TASK TO COMPLETE >>
The records beneath should be restated word for word.

PROVIDED ENTRIES >>
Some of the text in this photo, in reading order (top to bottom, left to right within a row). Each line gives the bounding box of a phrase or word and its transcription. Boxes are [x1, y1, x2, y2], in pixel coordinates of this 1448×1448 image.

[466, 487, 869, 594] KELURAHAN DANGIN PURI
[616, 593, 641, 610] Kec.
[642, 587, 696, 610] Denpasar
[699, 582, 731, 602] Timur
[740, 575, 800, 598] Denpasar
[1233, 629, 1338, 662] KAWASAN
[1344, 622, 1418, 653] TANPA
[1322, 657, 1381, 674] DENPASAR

ANSWER TO THIS EXERCISE >>
Some of the text in this photo, in reading order (top to bottom, left to right within a row). Each line gives the bounding box of a phrase or word and its transcription. Boxes are [x1, y1, x2, y2], in pixel coordinates of this 1448×1448 image.

[466, 487, 869, 594] KELURAHAN DANGIN PURI
[616, 593, 641, 610] Kec.
[642, 587, 696, 610] Denpasar
[699, 582, 731, 602] Timur
[740, 575, 800, 598] Denpasar
[1233, 629, 1338, 662] KAWASAN
[1344, 622, 1418, 653] TANPA
[1322, 657, 1381, 674] DENPASAR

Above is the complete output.